Task goal:
Nothing except the pictures should be left out when you reproduce the listing exactly.

──────────────────────────────

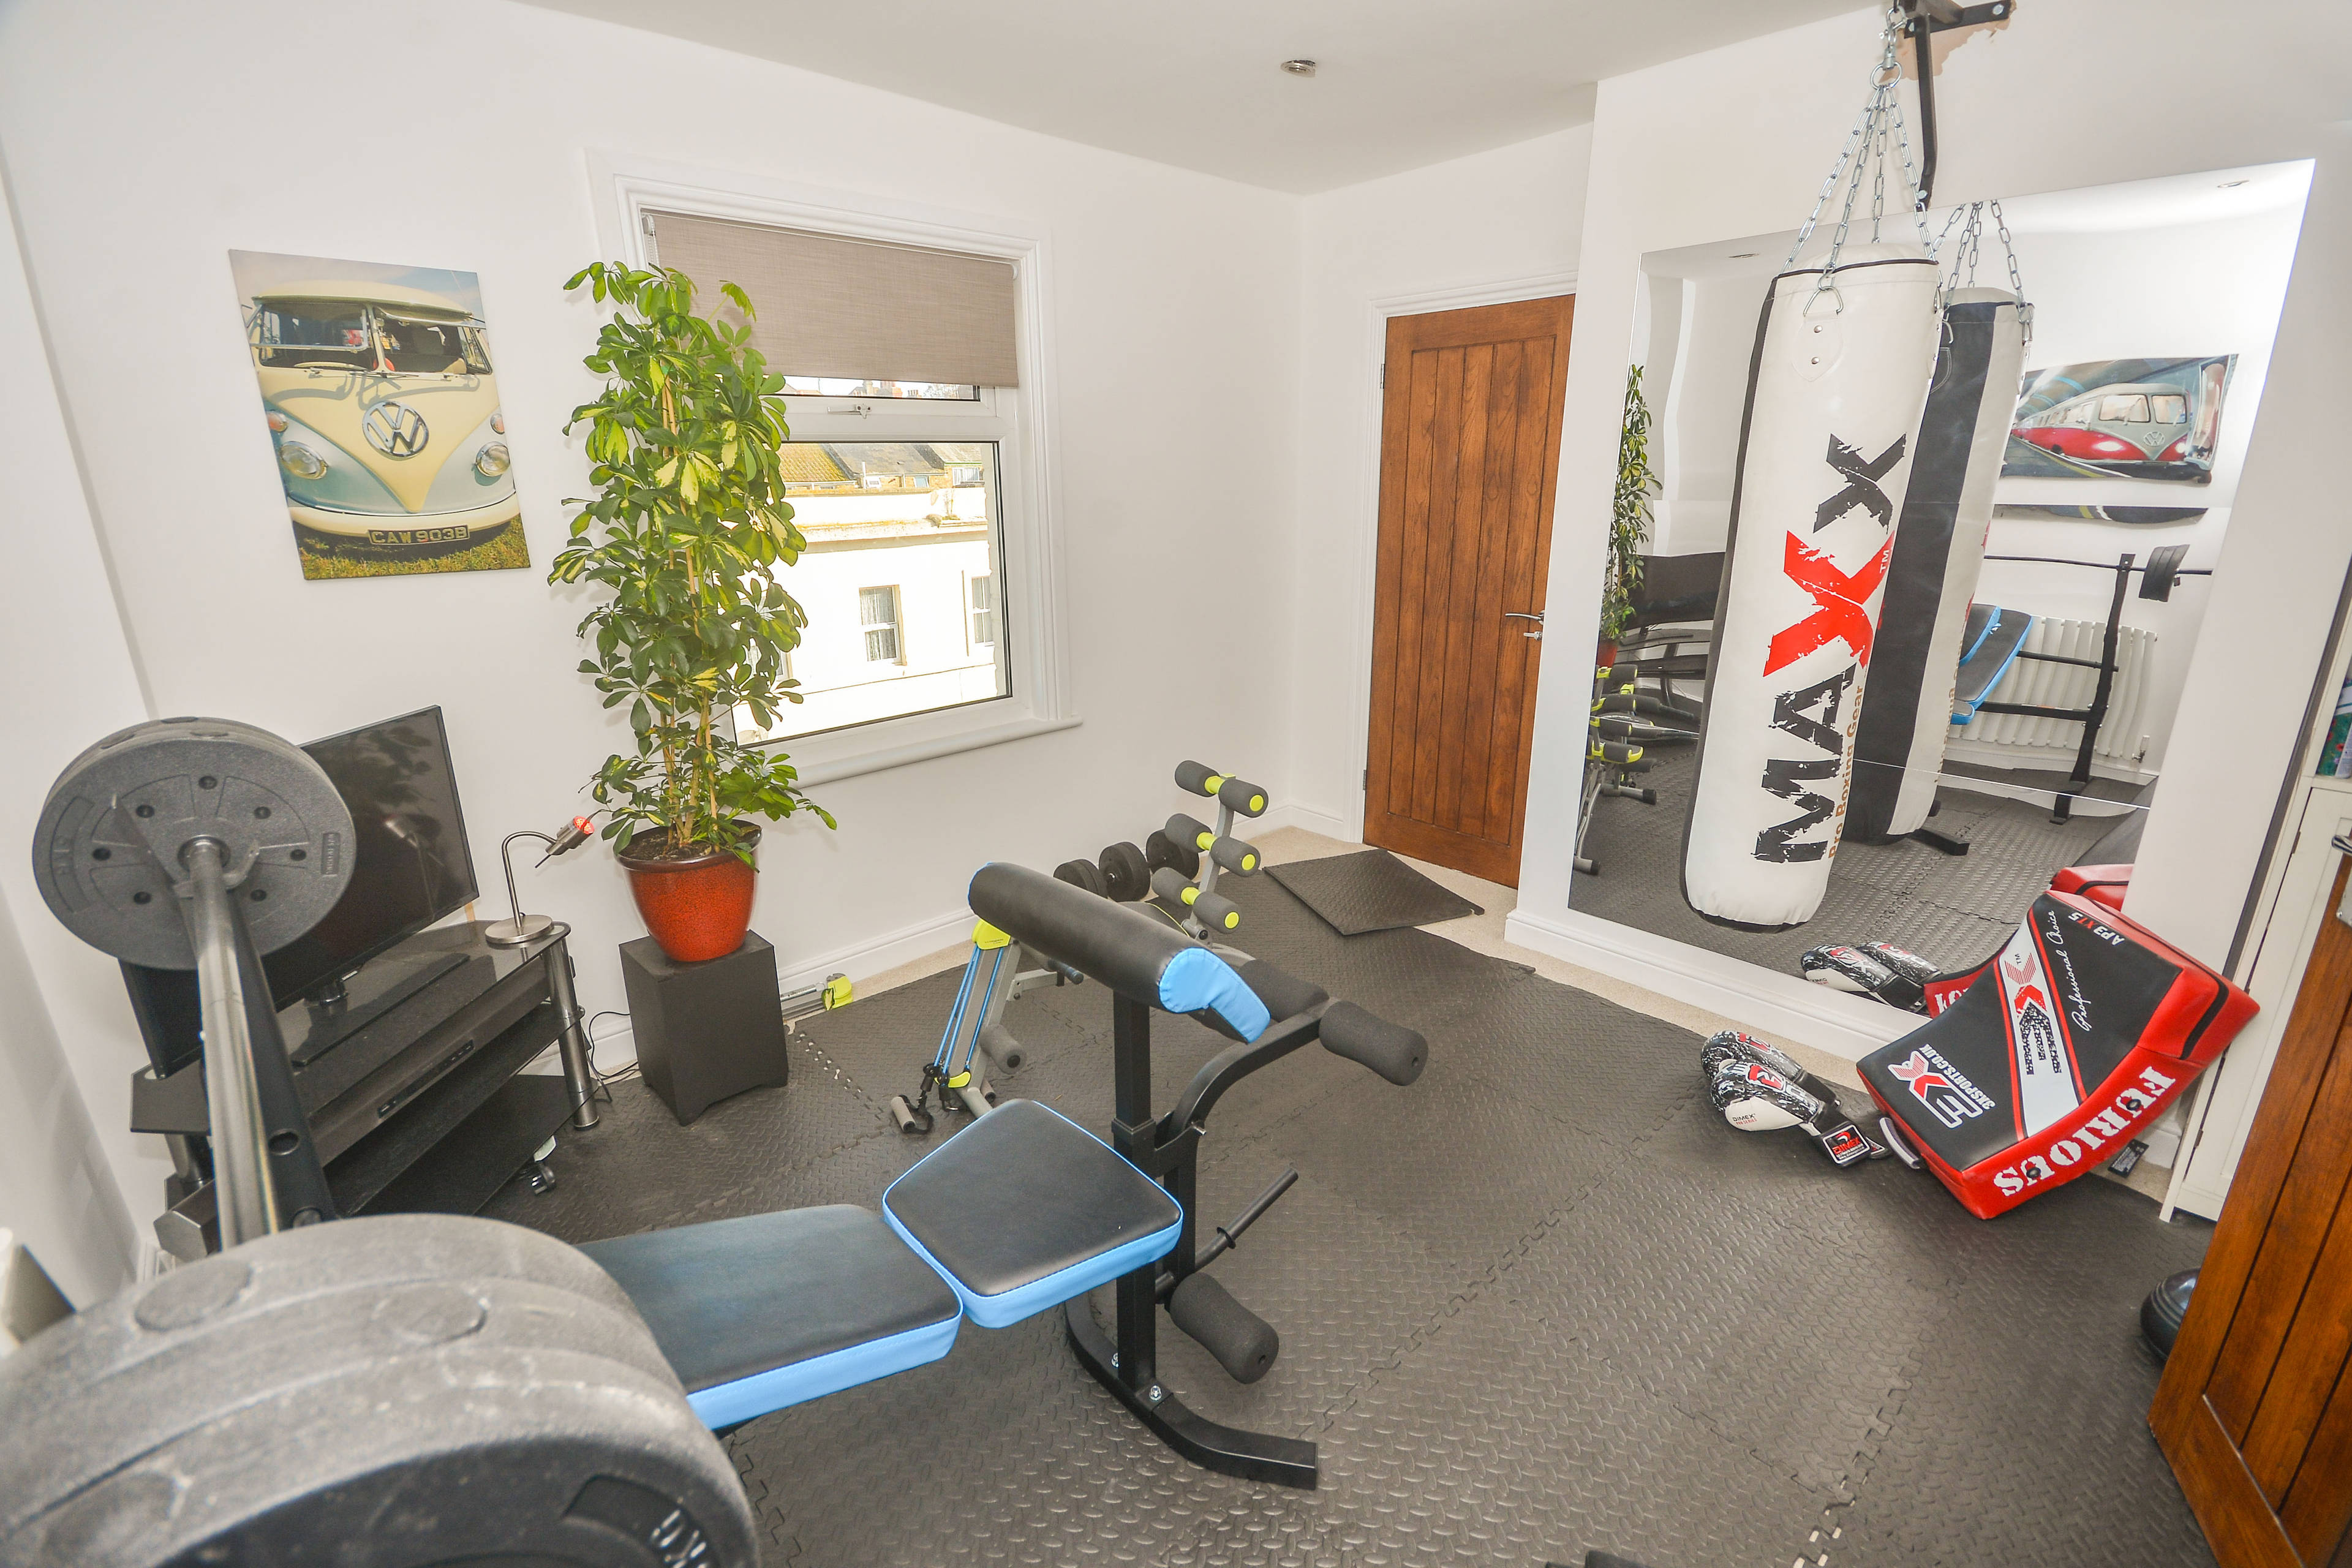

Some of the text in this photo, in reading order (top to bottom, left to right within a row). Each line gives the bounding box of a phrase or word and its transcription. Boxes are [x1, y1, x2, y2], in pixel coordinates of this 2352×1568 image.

[371, 526, 467, 544] CAW 903B
[1751, 432, 1906, 863] MAXX
[1847, 685, 1863, 738] Gear
[2046, 910, 2092, 1032] Professional Choice
[1732, 1114, 1755, 1122] DIMEX
[1993, 1066, 2176, 1197] FURIOUS
[1832, 1137, 1861, 1155] DIMEX

──────────────────────────────

Output of the task:
Some of the text in this photo, in reading order (top to bottom, left to right within a row). Each line gives the bounding box of a phrase or word and its transcription. Boxes are [x1, y1, x2, y2], in pixel coordinates of this 2352×1568 image.

[371, 526, 467, 544] CAW 903B
[1751, 432, 1906, 863] MAXX
[1847, 685, 1863, 738] Gear
[2046, 910, 2092, 1032] Professional Choice
[1732, 1114, 1755, 1122] DIMEX
[1993, 1066, 2176, 1197] FURIOUS
[1832, 1137, 1861, 1155] DIMEX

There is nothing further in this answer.